The helicopters of São Paulo are not universally admired. Critics consider them an obscene barometer of the financial power enjoyed by the affluent few in a sea of poverty. According to the World Bank, Brazil's richest 10 percent control more than 50 percent of the country's wealth while the poorest 10 percent control less than 1 percent. It is easier for a wealthy person to buy a helicopter than it is for a working-class person to buy a car. Rich Paulistanos have access to financing that often is substantially cheaper than domestic lending rates, and more financing options are emerging. Debis, the financing arm of DaimlerChrysler, recently opened an office here that will largely focus on helicopter deals. The contrasts are not lost on the vast majority of people in São Paulo who cannot afford a helicopter.

"One of the contradictions of the Brazilian character is the capacity for great warmth to coexist with an extreme individualism," said Renato Janine Ribeiro, a professor of political philosophy at the University of São Paulo. "The desire for a helicopter is a result of a complete lack of concern for other people."

Others see the helicopters as a symbol of a worsening class distinction in Brazil.

"That there is an archipelago of wealthy consumers that is able to use helicopters just as their counterparts do in Manhattan or Bombay or wherever doesn't surprise me," said Jorge Wilheim, an urban planner. "But the ocean of people surrounding this archipelago should be getting the transportation services they need, and they are not."

Compared with the several hundred people in the city who are able to commute by helicopter, about 3.7 million residents resort to the city's precarious bus system each day, according to municipal figures. Riding the city's 10,400 buses is not only uncomfortable but often dangerous, because of the high risk of muggings. So unlicensed minivans have grown popular as a way to get around.

Earlier this month, when three people were killed and eight injured when a minivan driver fled from the police and hit a tree, one newspaper said in a front-page editorial, "No one controls the city."

While travel on the ground remains quite dangerous, there have been few accidents involving helicopters in the city.

Mr.
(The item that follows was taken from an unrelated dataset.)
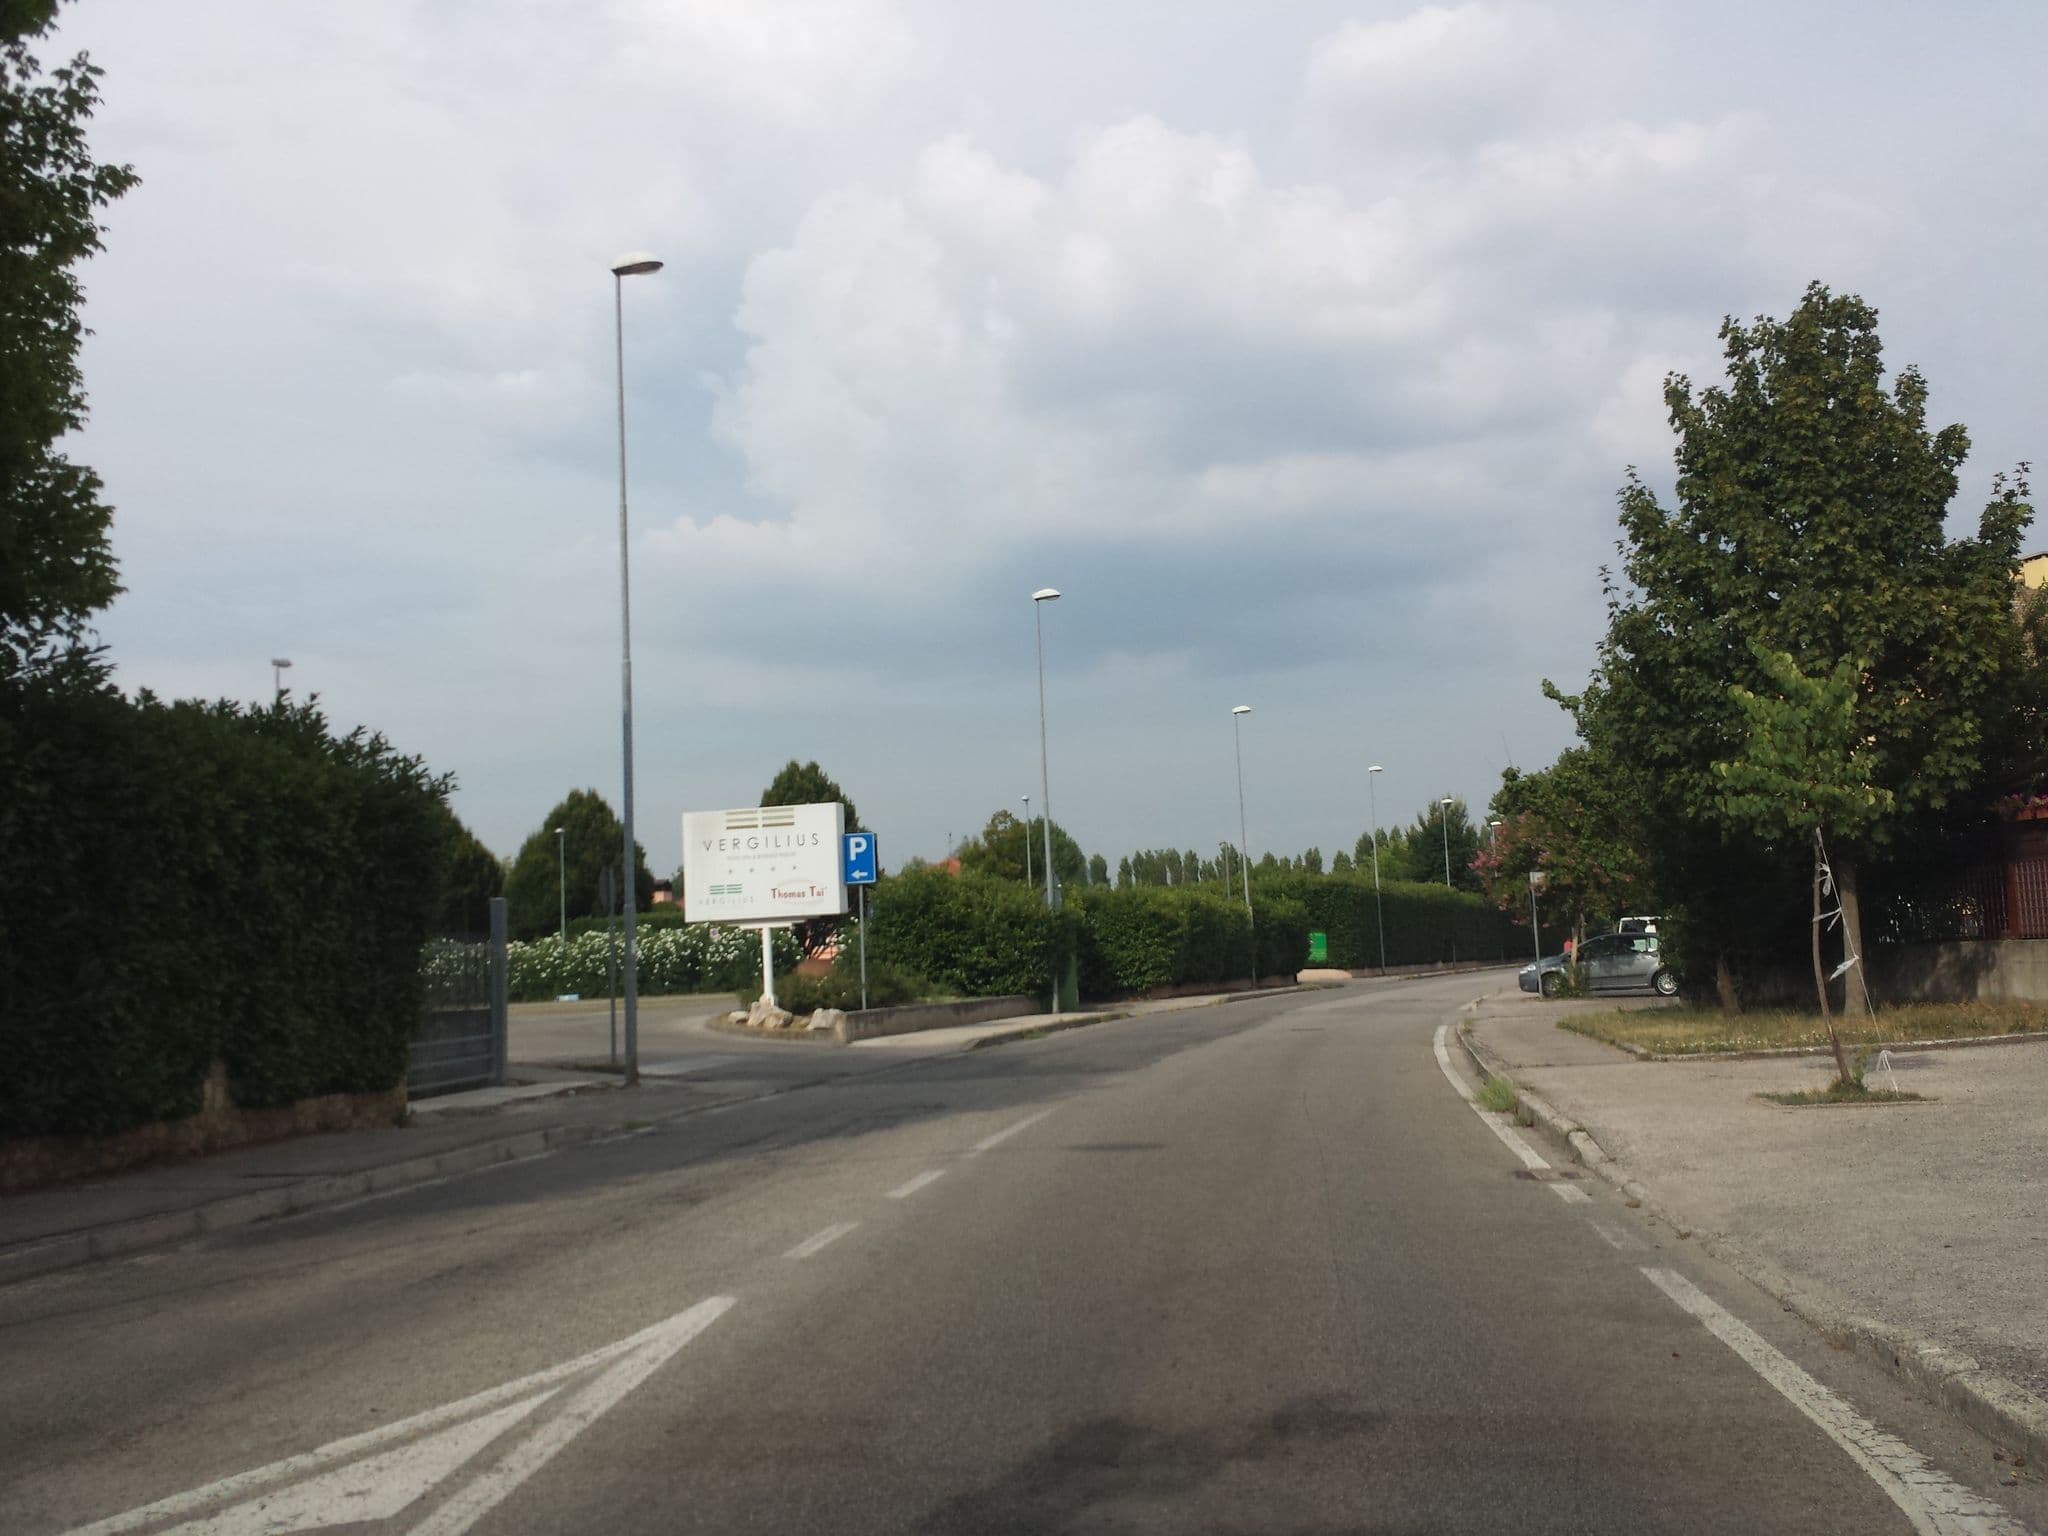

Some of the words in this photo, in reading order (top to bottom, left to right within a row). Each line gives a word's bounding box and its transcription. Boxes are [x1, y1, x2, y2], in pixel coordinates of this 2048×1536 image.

[703, 832, 820, 852] VERGILIUS
[850, 836, 868, 861] P
[770, 887, 807, 900] Thomas
Wilheim said São Paulo would need to extend its subway by six miles each year in the next decade for the public transportation system to approach those of Paris or New York. Yet there is little impetus from the authorities to make such plans when spending is restricted. A result of São Paulo's lackadaisical approach to public transportation is an assault on the ears of residents.

In some parts of the city, the honking horns of bottlenecks and sirens of police vehicles weaving through traffic is joined by the almost incessant sound of helicopters whizzing by. The São Paulo Helicopter Pilots Association says about 100 helicopters fly above the city at any given time during the day.
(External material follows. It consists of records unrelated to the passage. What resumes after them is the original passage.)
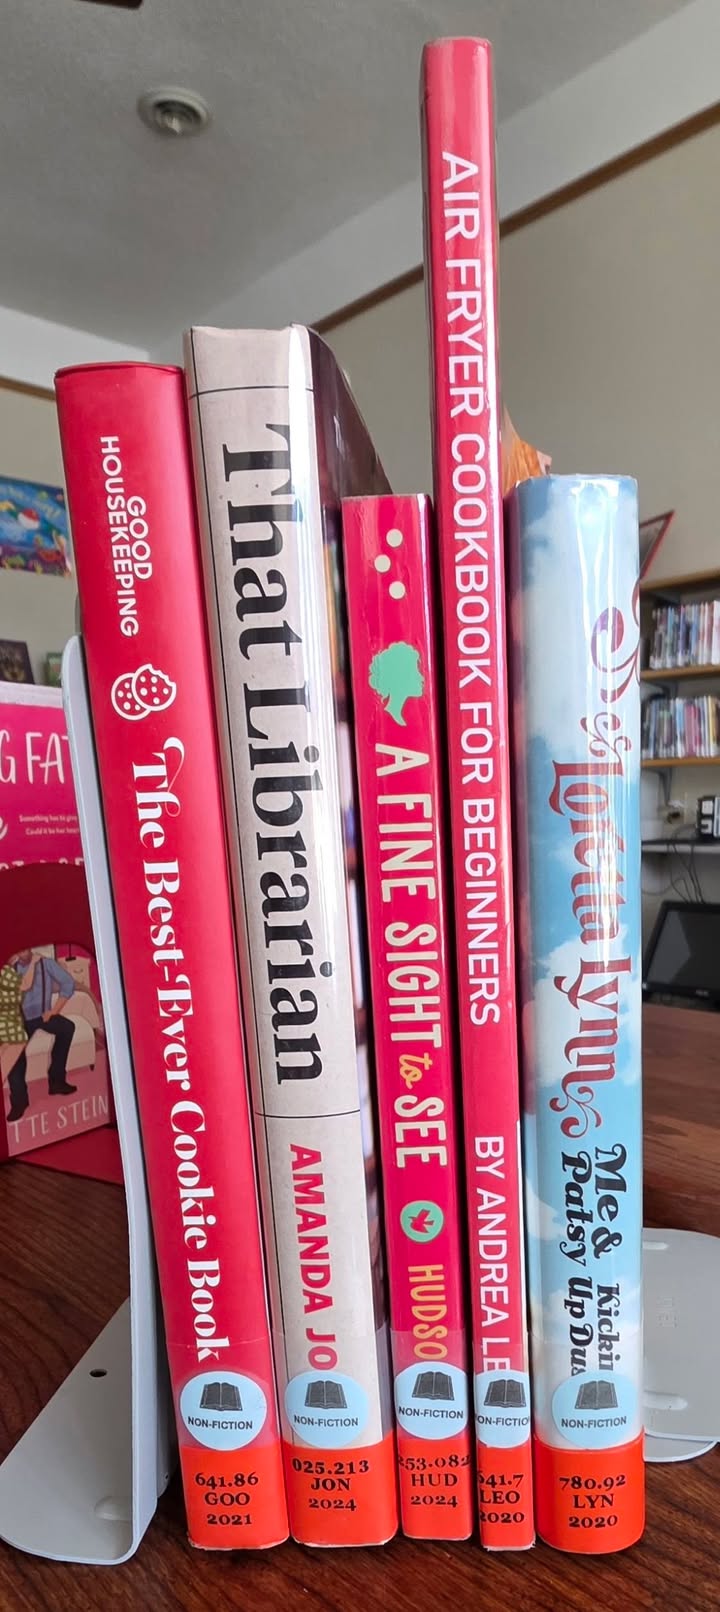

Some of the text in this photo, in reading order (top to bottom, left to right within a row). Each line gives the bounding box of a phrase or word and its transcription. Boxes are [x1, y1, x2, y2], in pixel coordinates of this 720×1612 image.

[100, 436, 139, 637] HOUSEKEEPING
[127, 495, 153, 580] GOOD
[442, 151, 500, 1026] AIR FRYER COOKBOOK FOR BEGINNERS
[26, 731, 69, 785] FA
[222, 423, 333, 1086] That Librarian
[549, 760, 631, 1084] Loretta Lynn
[375, 743, 448, 1168] A FINE SIGHT to SEE
[132, 736, 230, 1363] The Best-Ever Cookie Book
[474, 1136, 505, 1179] BY
[594, 1143, 627, 1222] Me
[559, 1151, 594, 1267] Patsy
[290, 1143, 338, 1370] AMANDA JO
[476, 1187, 511, 1327] ANDREA
[564, 1276, 594, 1319] Up
[407, 1264, 448, 1360] HUDSO
[293, 1415, 359, 1427] NON-FICTION
[399, 1406, 464, 1419] NON-FICTION
[475, 1414, 530, 1426] ON-FICTIO
[188, 1416, 253, 1430] NON-FICTION
[561, 1416, 627, 1428] NON-FICTION
[292, 1458, 370, 1475] 025.213
[195, 1472, 259, 1488] 641.86
[310, 1477, 351, 1491] JON
[411, 1473, 458, 1486] HUD
[559, 1474, 626, 1491] 780.92
[204, 1492, 251, 1506] GOO
[308, 1498, 357, 1511] 2024
[410, 1495, 458, 1508] 2024
[479, 1489, 520, 1504] LEO
[573, 1494, 614, 1508] LYN
[206, 1513, 252, 1525] 2021
[569, 1515, 618, 1528] 2020
"I can't stand helicopters," said Paula Doria, a 21-year-old student, "because I live next to an apartment building with a heliport, and the noise is incredible." Still, she said, "If I had enough money to buy a helicopter I would, because it's a way to escape from crime."

Visually, the helicopter traffic is an added feature that can make some of São Paulo's more crowded districts, already adorned with huge television advertising screens and multilingual billboards, resemble a scene from "Blade Runner," the 1982 movie about a rain-soaked, futuristic Los Angeles.
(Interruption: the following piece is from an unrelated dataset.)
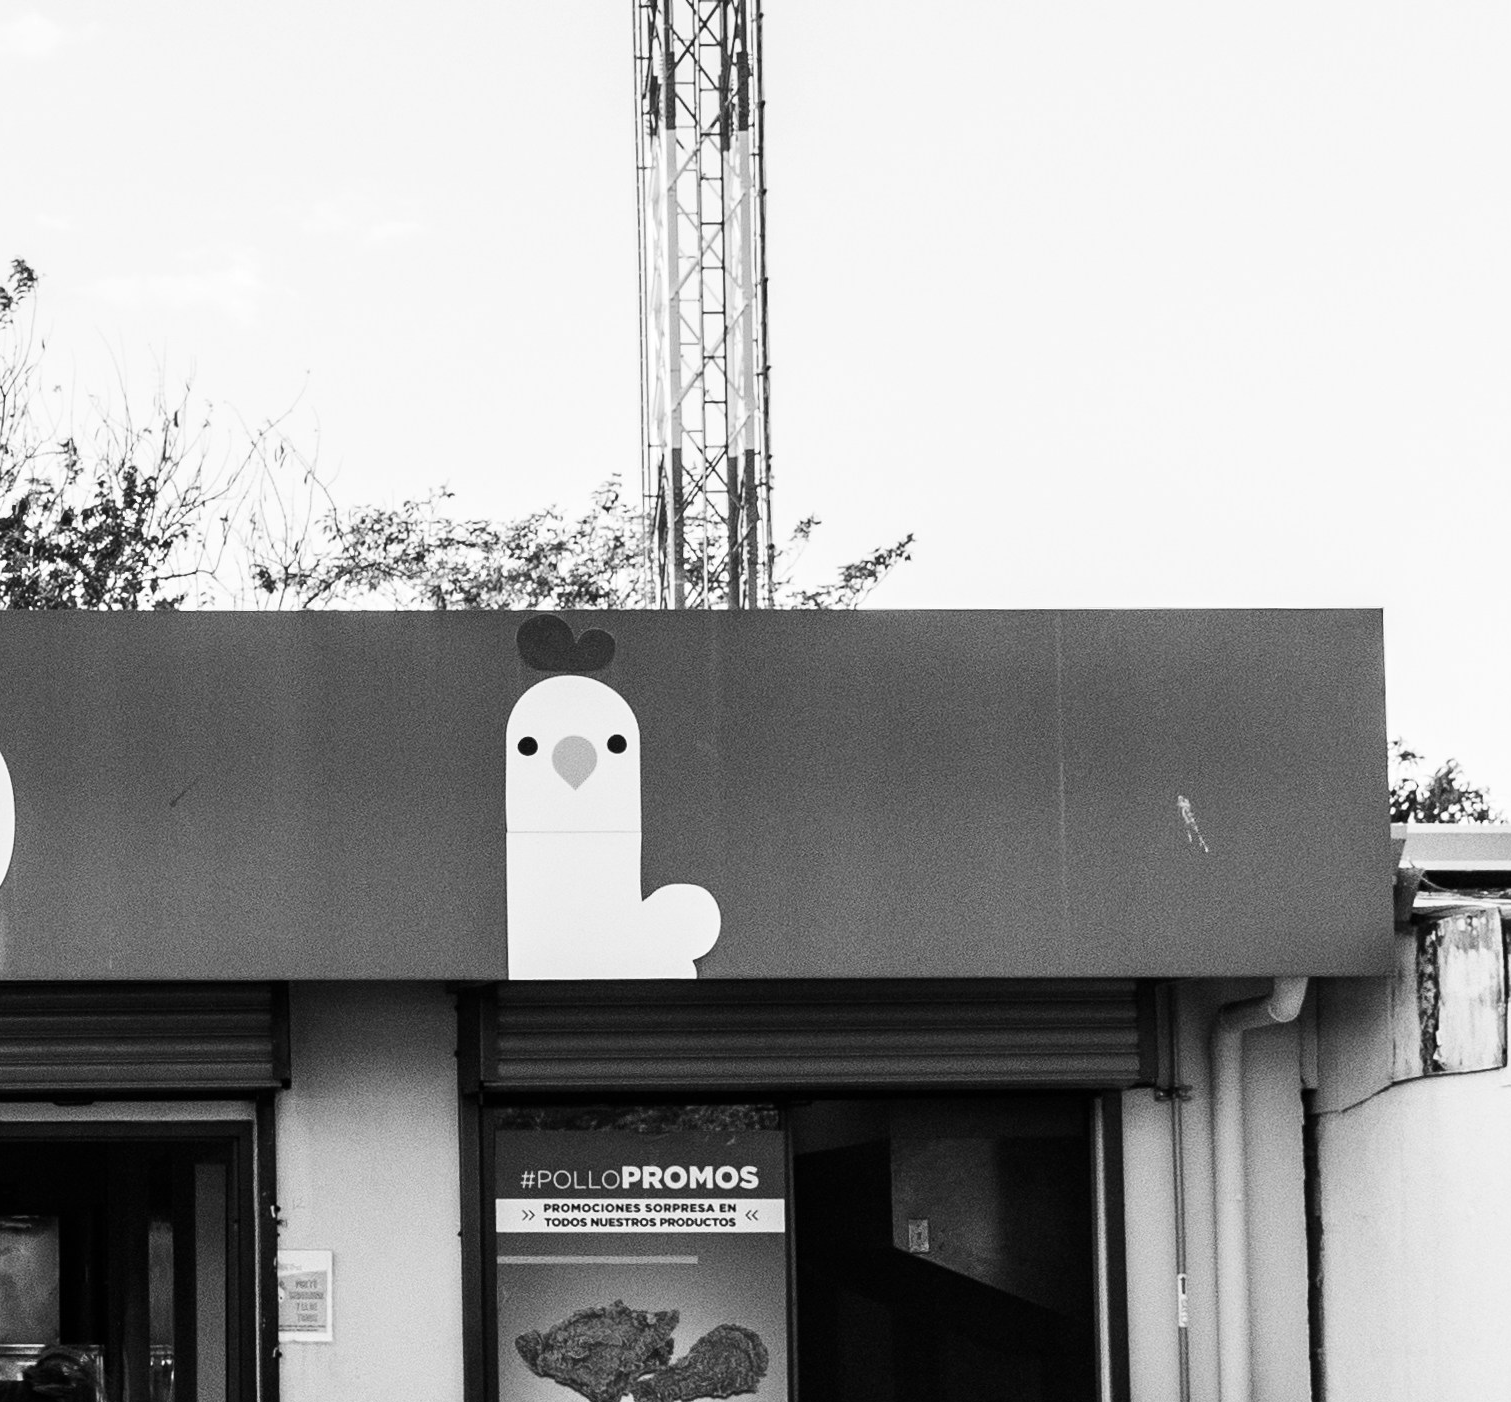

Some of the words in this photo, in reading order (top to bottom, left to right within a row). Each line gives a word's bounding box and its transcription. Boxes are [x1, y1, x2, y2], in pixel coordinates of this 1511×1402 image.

Just as a wealthy elite seeks private-sector solutions for its problems in "Blade Runner," São Paulo's powerful are increasingly turning to private companies for services normally in the public sphere, like security, education and transportation.

James Thurston Lynch, a former banker at Chase Manhattan, understands this well. Mr. Lynch, a Brazilian who now has his own investment firm, plans to buy 100 helicopters for a part ownership program similar to the system that people use to share private jets in the United States.